A transition service agreement (TSA) is a critical contract between a seller and a buyer of a business, detailing the services and support the seller must provide post-transaction for a smooth transition of the acquired business. Our comprehensive guide can assist financial buyers navigate the complexities of TSAs ahead of an M&A transaction.

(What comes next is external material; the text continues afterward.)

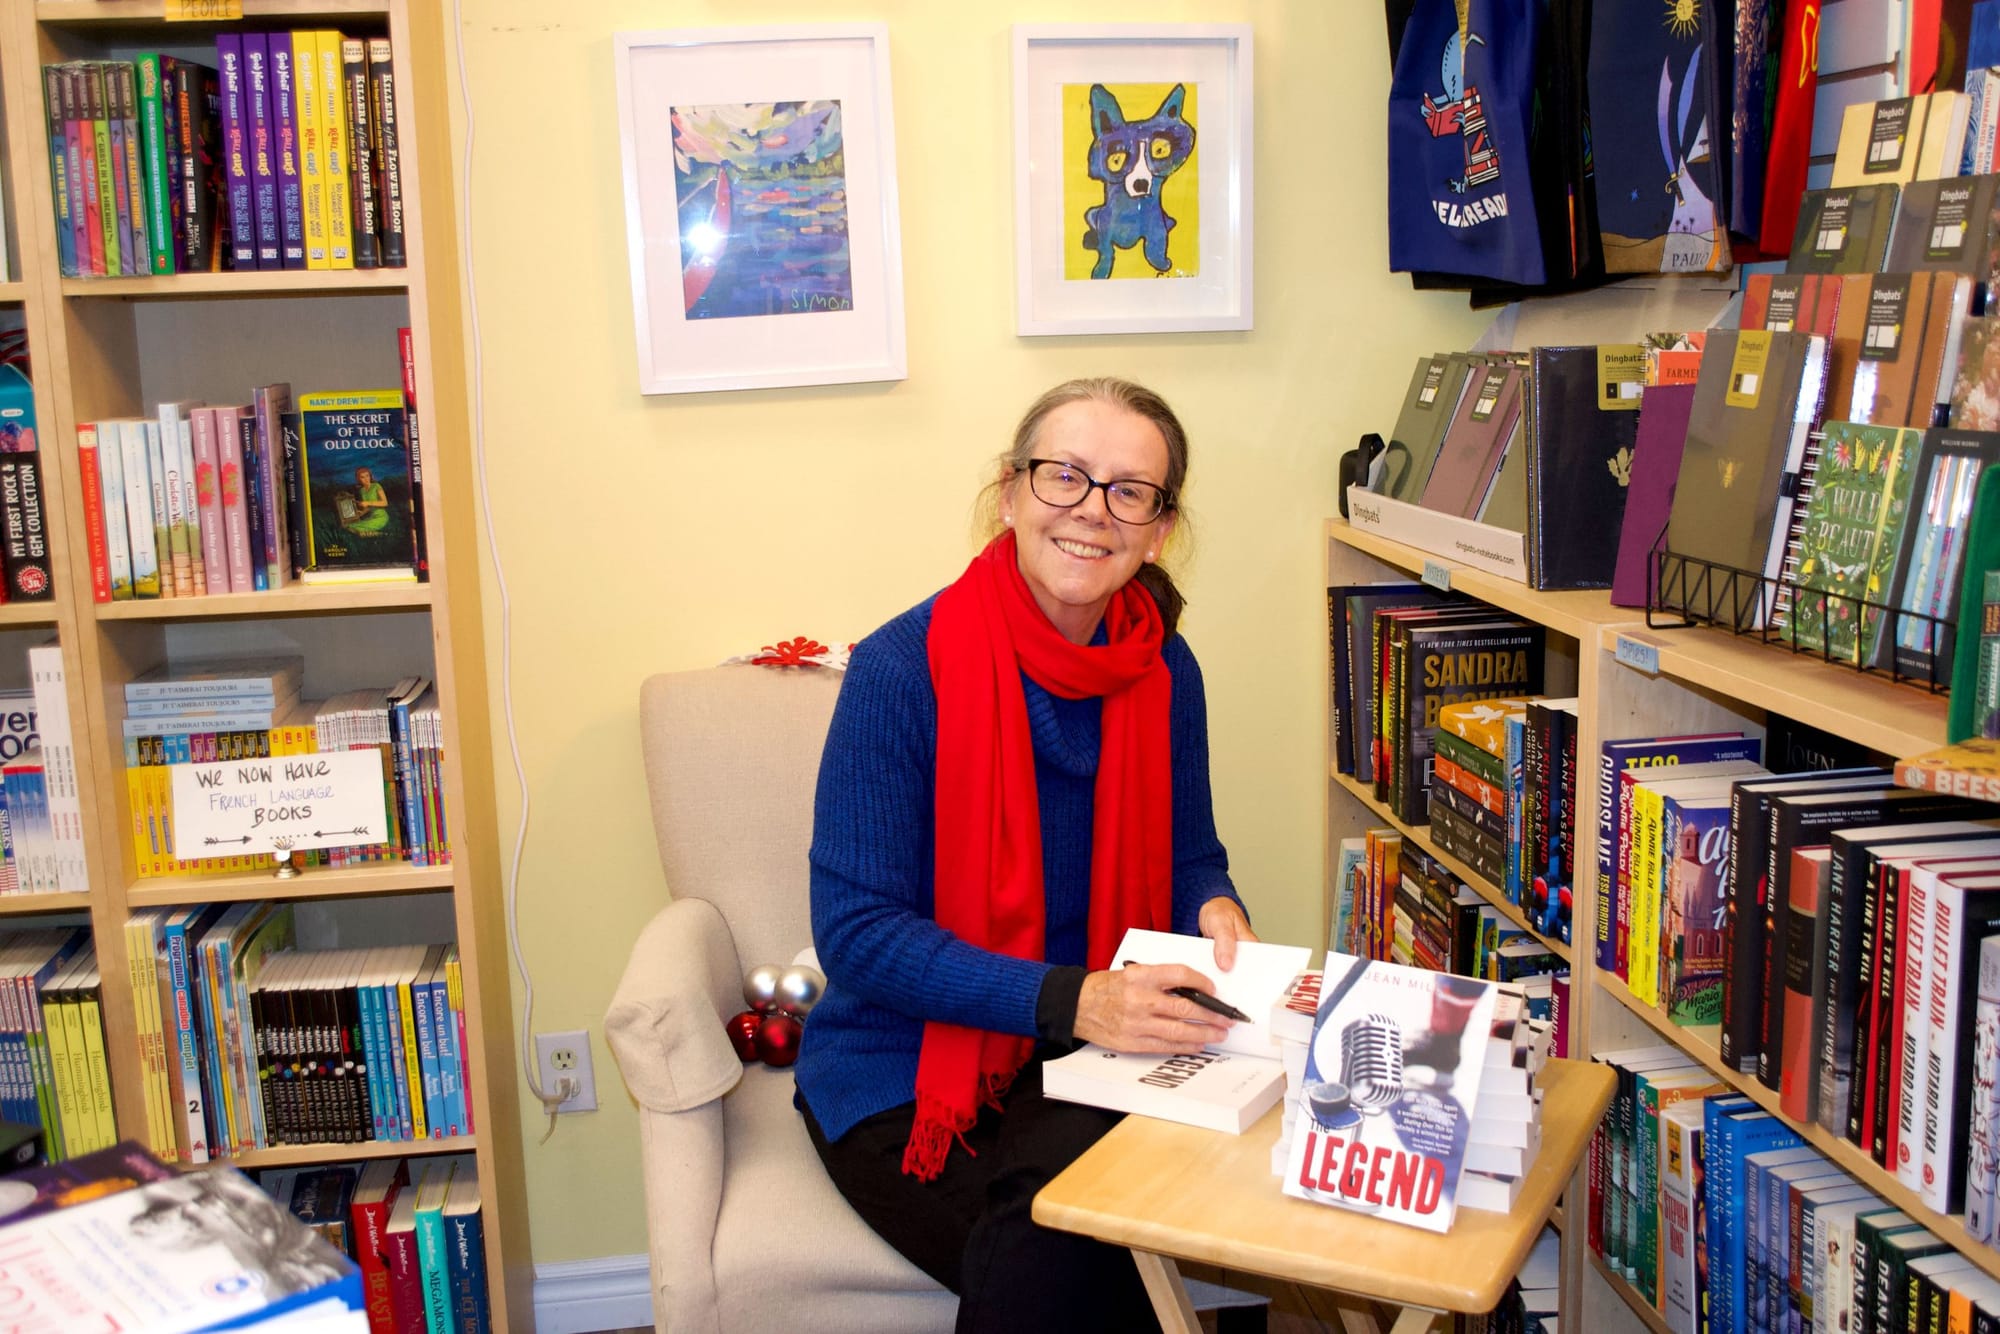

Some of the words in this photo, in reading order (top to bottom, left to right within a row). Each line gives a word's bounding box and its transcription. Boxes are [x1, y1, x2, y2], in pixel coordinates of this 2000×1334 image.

Pros of effective TSA negotiations

  • Positioning as “preferred buyer”: When considering potential buyers’ bids in a sale process in order to select the final buyer, the seller reviews various dimensions of a buyer’s proposal, such as the overall price offered, key terms and conditions (T’s and C’s) in the purchase agreement and transition service agreement, and the buyer’s ability to stand up the organization with minimal support from the seller. The key T’s and C’s of the TSA help clarify the buyer’s experience doing carve-outs, the buyer’s high-level TSA exit strategy, and the buyer’s ability to stand up the organization. A buyer can position itself favorably in a competitive sale process by presenting itself as relying less on the TSA, having a clear TSA exit strategy, and more generally demonstrating sophistication in completing carve-out transactions.
  • Continuity of operations: Transition service agreements ensure business operations continue seamlessly post-transaction, which affects NewCo’s interim run rate and cash flow.
  • Financial impacts: Certainty of TSA pricing, including alignment with historical allocations and associated caps or guardrails, affects the interim run rate of the target and how closely that run rate aligns with the costs baked into the buyer’s financial model. One-time TSAs such as data migration needed for TSA exit also have an impact on the overall one-time costs of the transaction financial model.
  • Liability exposure(s): Negotiating a balanced structure for addressing liabilities that arise under the TSA protects the buyer from taking on unnecessary risks after the transaction closes.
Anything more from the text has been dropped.